Return each record unchanged and drop the images.
++++++
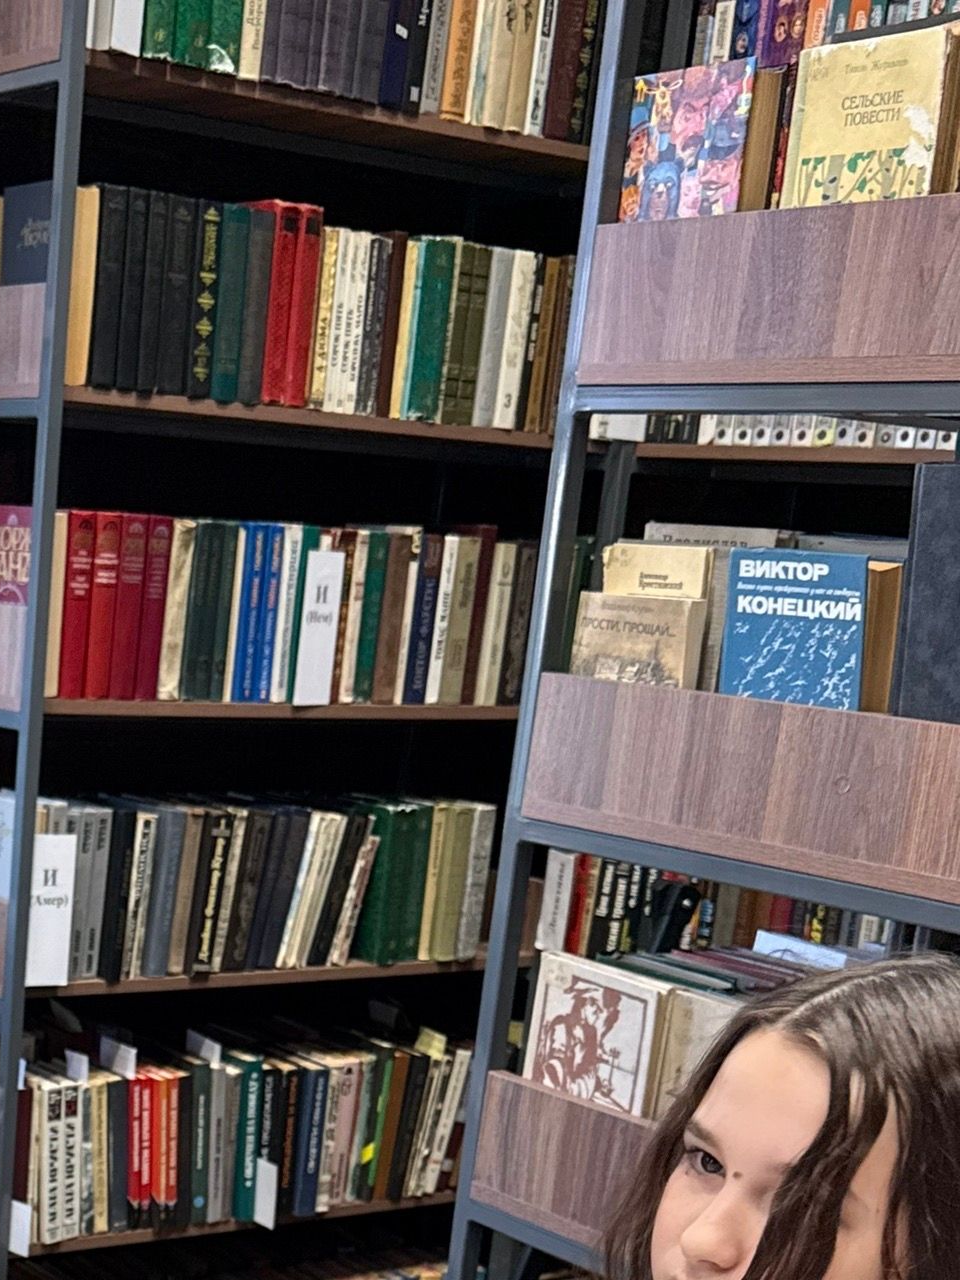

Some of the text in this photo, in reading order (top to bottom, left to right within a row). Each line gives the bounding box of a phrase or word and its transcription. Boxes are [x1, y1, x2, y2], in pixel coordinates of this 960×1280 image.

[841, 90, 904, 111] СЕЛЬСКИЕ
[844, 107, 900, 127] ПОВЕСТИ
[739, 559, 830, 581] ВИКТОР
[737, 595, 862, 622] КОНЕЦКИЙ
[43, 868, 58, 887] И
[66, 1122, 74, 1178] КРИСТИ
[48, 1126, 58, 1224] АГАТА КРИСТИ
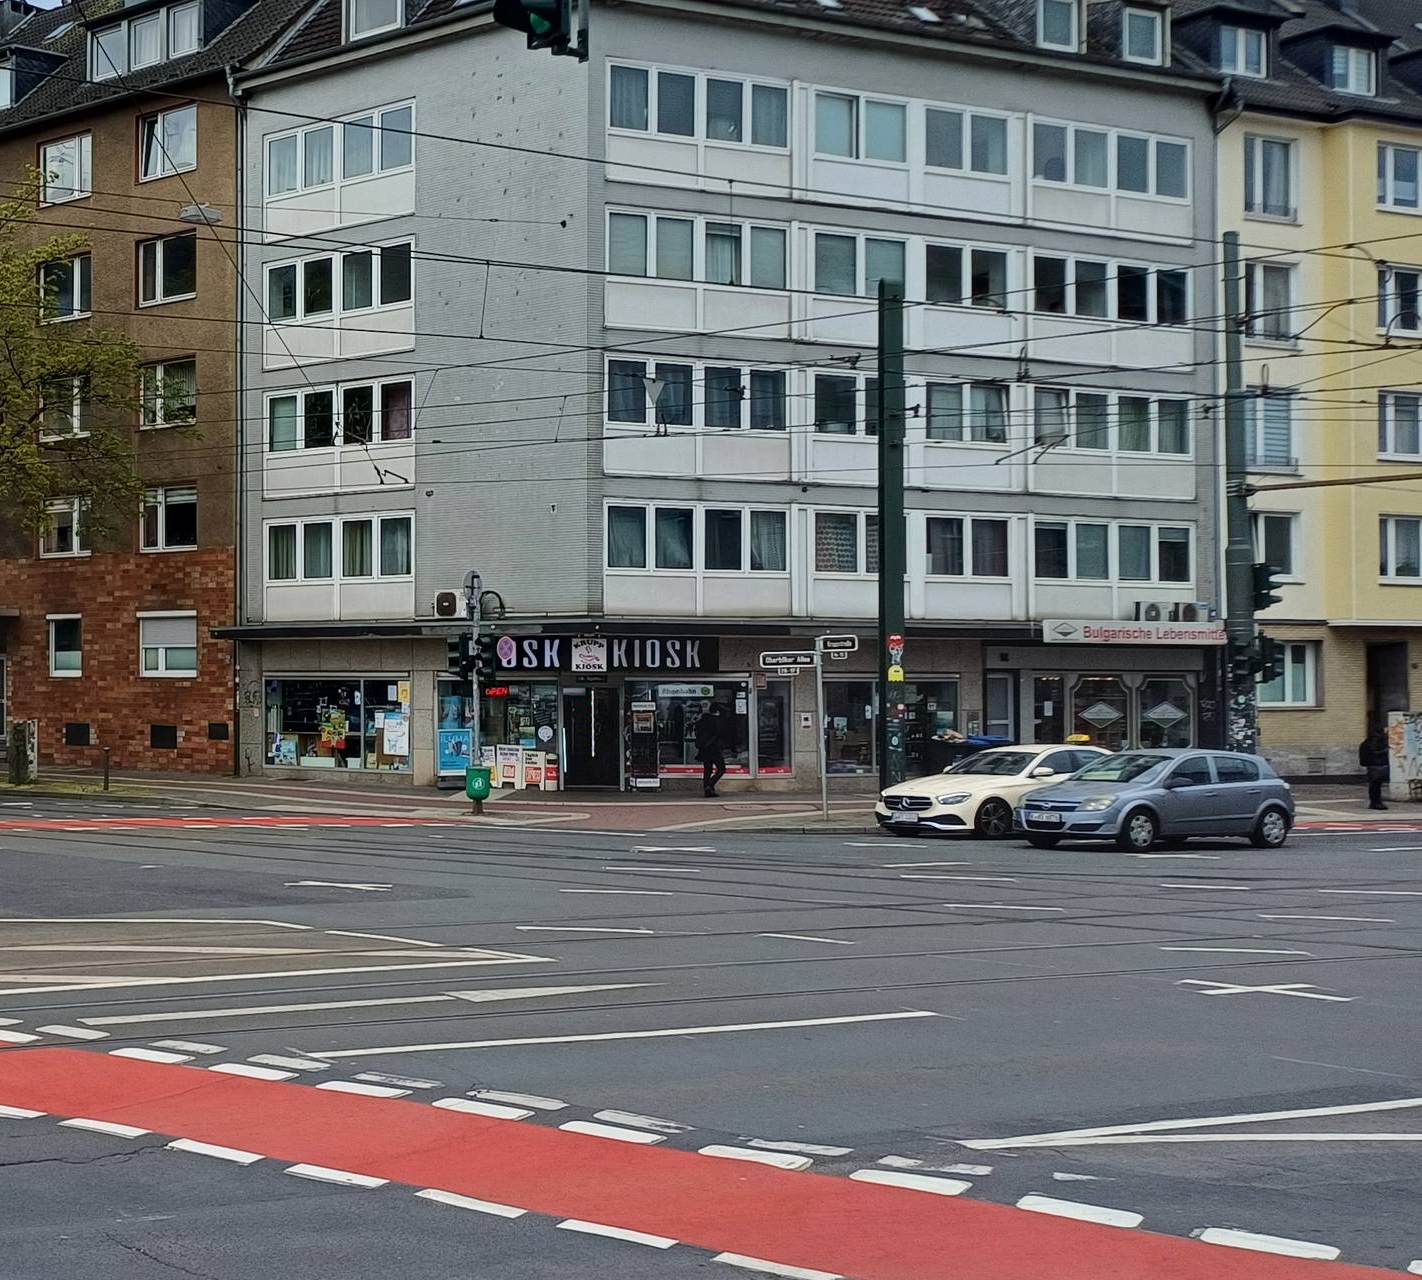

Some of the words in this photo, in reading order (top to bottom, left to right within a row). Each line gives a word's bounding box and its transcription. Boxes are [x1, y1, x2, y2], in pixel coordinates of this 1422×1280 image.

[1083, 625, 1153, 642] Bulgarische
[1156, 627, 1228, 640] Lebensmitte
[573, 640, 605, 649] KRUPP
[613, 639, 701, 668] KIOSK
[485, 687, 508, 697] OPEN
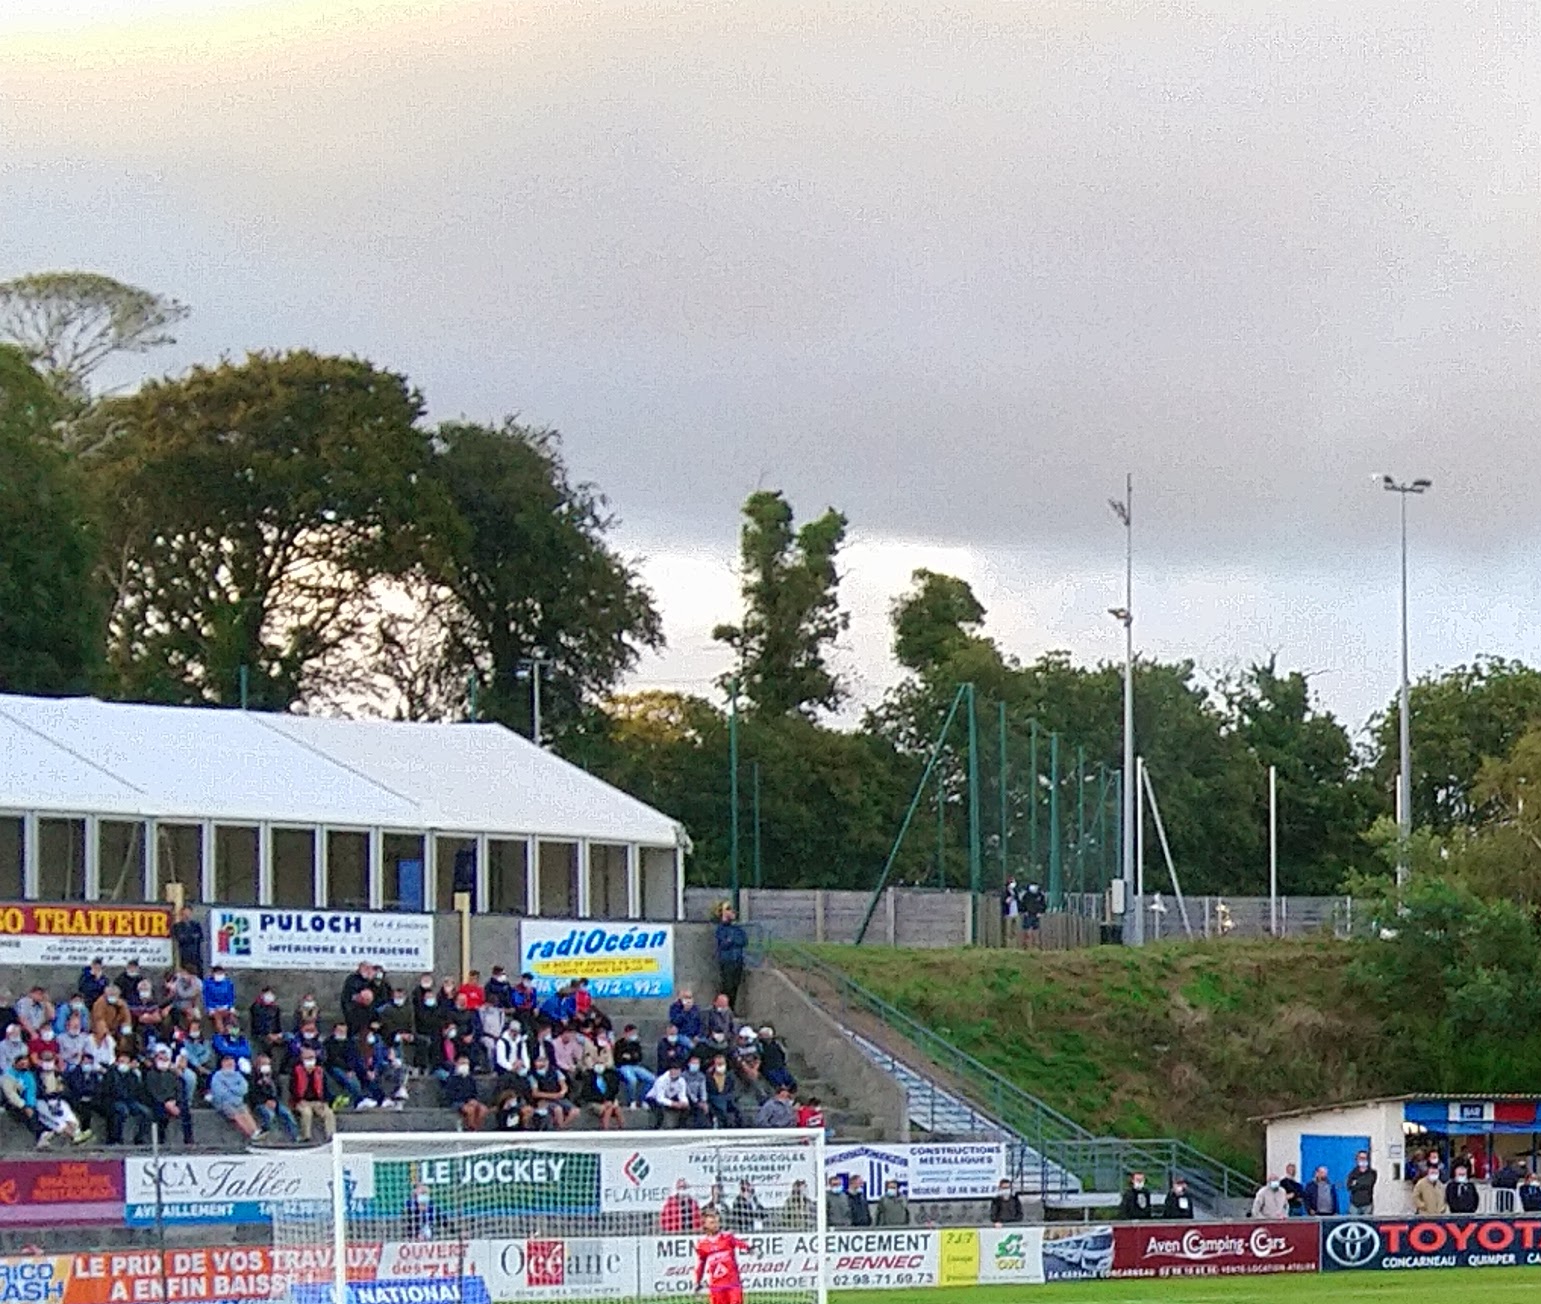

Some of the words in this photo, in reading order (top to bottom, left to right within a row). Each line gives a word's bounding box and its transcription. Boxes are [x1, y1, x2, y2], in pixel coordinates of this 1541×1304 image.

[34, 908, 170, 937] TRAITEUR
[260, 914, 361, 932] PULOCH
[527, 926, 667, 960] radiOcéan
[142, 1160, 198, 1188] SCA
[422, 1160, 450, 1183] LE
[461, 1158, 567, 1183] JOCKEY
[1147, 1236, 1181, 1253] Aven
[75, 1255, 106, 1279] LE
[173, 1252, 207, 1274] DE
[212, 1250, 263, 1273] VOS
[501, 1243, 622, 1277] Océane
[835, 1254, 925, 1271] PENNEC
[1382, 1256, 1456, 1269] CONCARNEAU
[1468, 1254, 1516, 1266] QUIMPER
[111, 1280, 130, 1301] A
++++++
### Result
Some of the text in this photo, in reading order (top to bottom, left to right within a row). Each line gives the bounding box of a phrase or word and its transcription. Boxes are [x1, y1, x2, y2], in pixel coordinates of this 960×1280 image.

[841, 90, 904, 111] СЕЛЬСКИЕ
[844, 107, 900, 127] ПОВЕСТИ
[739, 559, 830, 581] ВИКТОР
[737, 595, 862, 622] КОНЕЦКИЙ
[43, 868, 58, 887] И
[66, 1122, 74, 1178] КРИСТИ
[48, 1126, 58, 1224] АГАТА КРИСТИ

Some of the words in this photo, in reading order (top to bottom, left to right within a row). Each line gives a word's bounding box and its transcription. Boxes are [x1, y1, x2, y2], in pixel coordinates of this 1422×1280 image.

[1083, 625, 1153, 642] Bulgarische
[1156, 627, 1228, 640] Lebensmitte
[573, 640, 605, 649] KRUPP
[613, 639, 701, 668] KIOSK
[485, 687, 508, 697] OPEN

Some of the words in this photo, in reading order (top to bottom, left to right within a row). Each line gives a word's bounding box and its transcription. Boxes are [x1, y1, x2, y2], in pixel coordinates of this 1541×1304 image.

[34, 908, 170, 937] TRAITEUR
[260, 914, 361, 932] PULOCH
[527, 926, 667, 960] radiOcéan
[142, 1160, 198, 1188] SCA
[422, 1160, 450, 1183] LE
[461, 1158, 567, 1183] JOCKEY
[1147, 1236, 1181, 1253] Aven
[75, 1255, 106, 1279] LE
[173, 1252, 207, 1274] DE
[212, 1250, 263, 1273] VOS
[501, 1243, 622, 1277] Océane
[835, 1254, 925, 1271] PENNEC
[1382, 1256, 1456, 1269] CONCARNEAU
[1468, 1254, 1516, 1266] QUIMPER
[111, 1280, 130, 1301] A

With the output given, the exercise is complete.